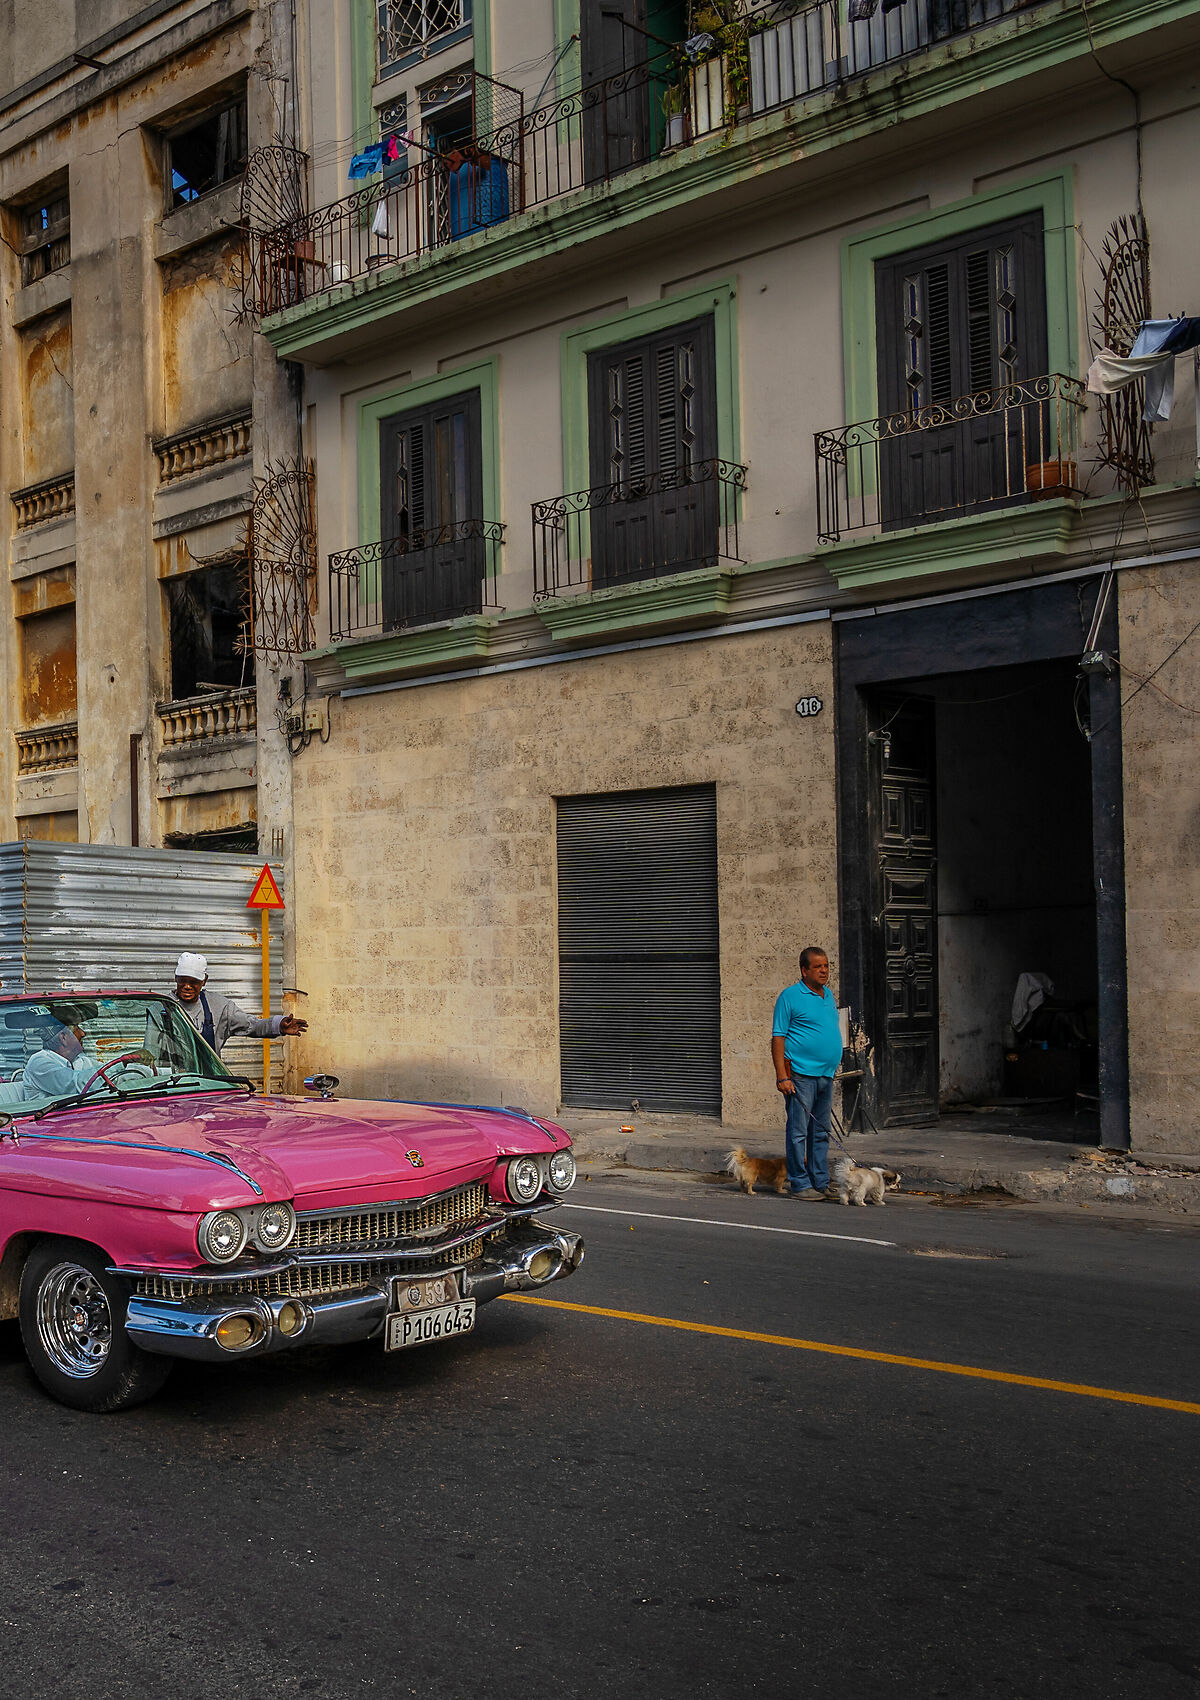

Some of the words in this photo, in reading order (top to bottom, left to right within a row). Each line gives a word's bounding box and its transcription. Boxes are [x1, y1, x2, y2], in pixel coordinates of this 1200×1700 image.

[801, 700, 818, 714] 116
[425, 1280, 446, 1305] 59
[444, 1308, 473, 1334] 643
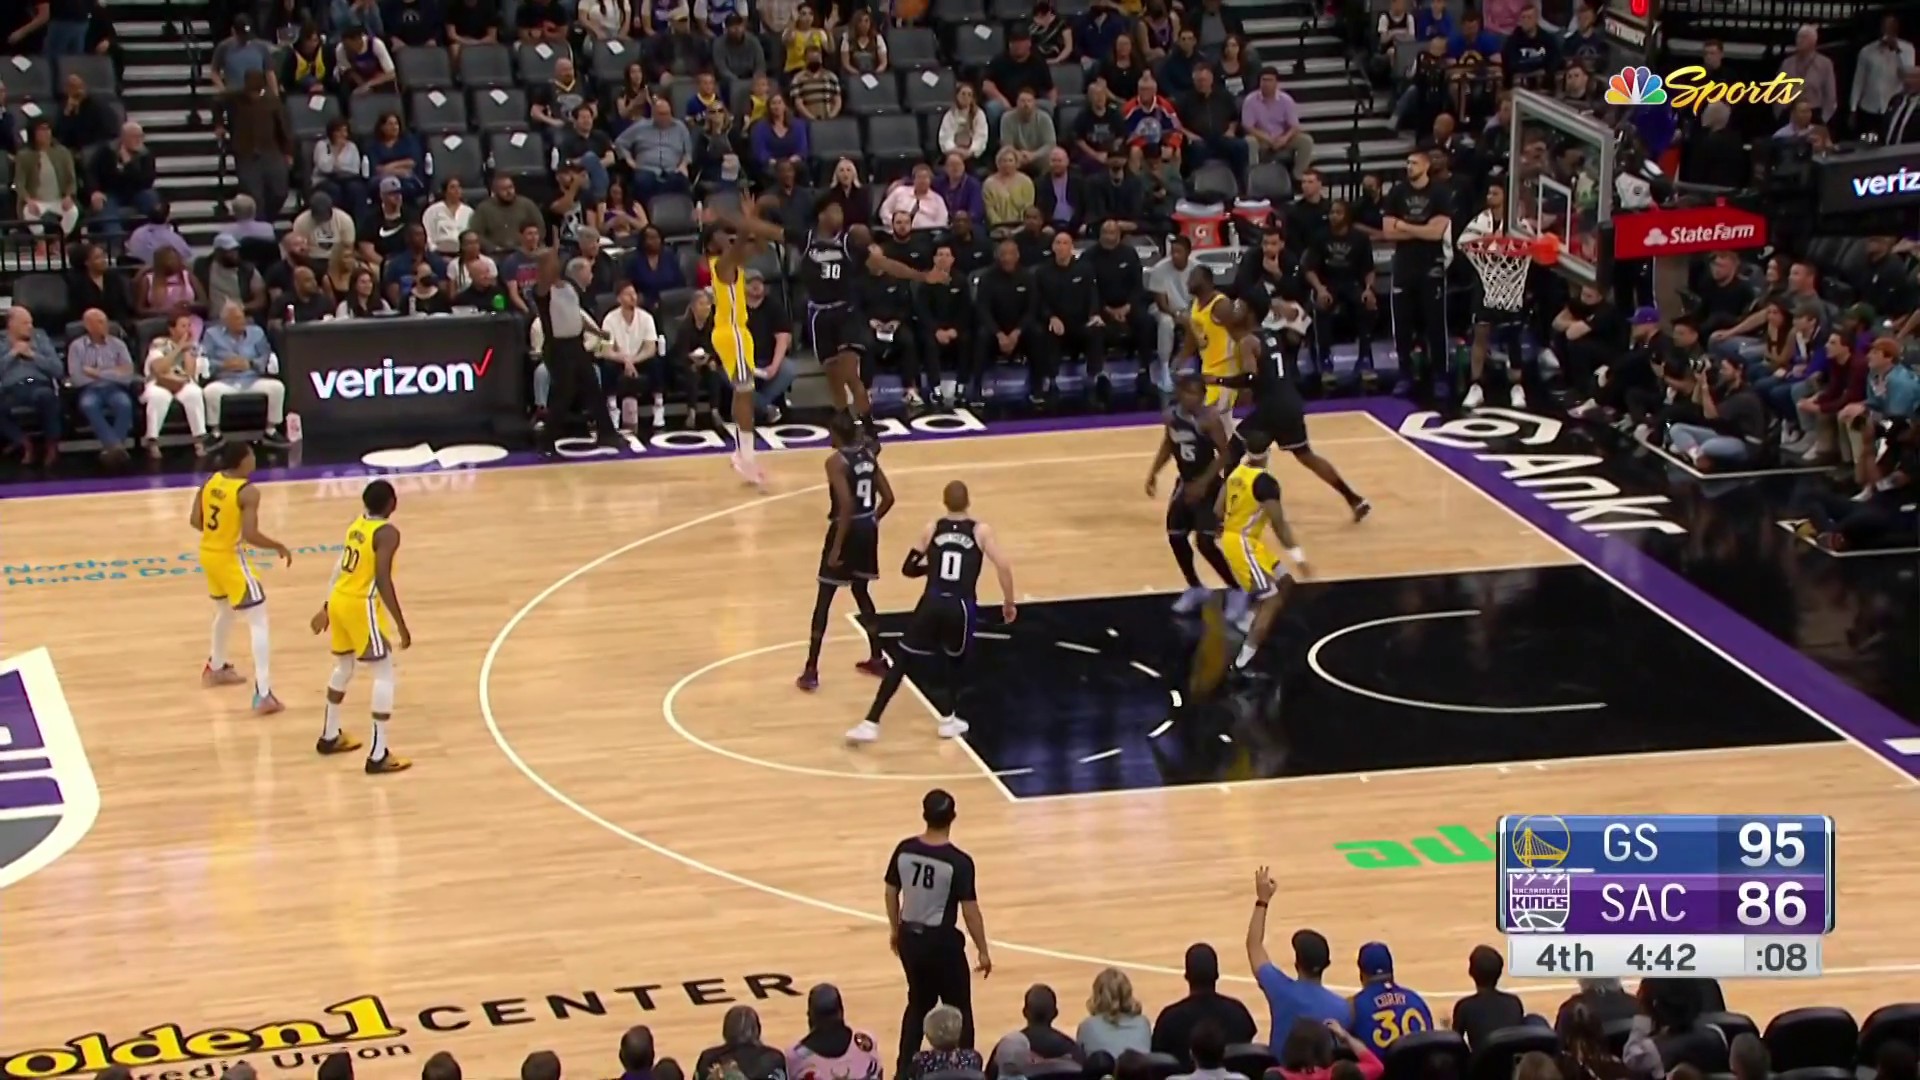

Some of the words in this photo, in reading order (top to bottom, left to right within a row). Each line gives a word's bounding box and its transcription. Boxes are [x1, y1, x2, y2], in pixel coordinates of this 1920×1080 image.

+--

Directions for this task >>
The output is the data above, repeated exactly, with pictures omitted.

Response to the task >>
Some of the words in this photo, in reading order (top to bottom, left to right within a row). Each line gives a word's bounding box and its transcription. Boxes are [x1, y1, x2, y2], in pixel coordinates of this 1200×1700 image.

[801, 700, 818, 714] 116
[425, 1280, 446, 1305] 59
[444, 1308, 473, 1334] 643

Some of the words in this photo, in reading order (top to bottom, left to right within a row). Each line gives a word's bounding box and its transcription. Boxes are [x1, y1, x2, y2], in pixel coordinates of this 1920×1080 image.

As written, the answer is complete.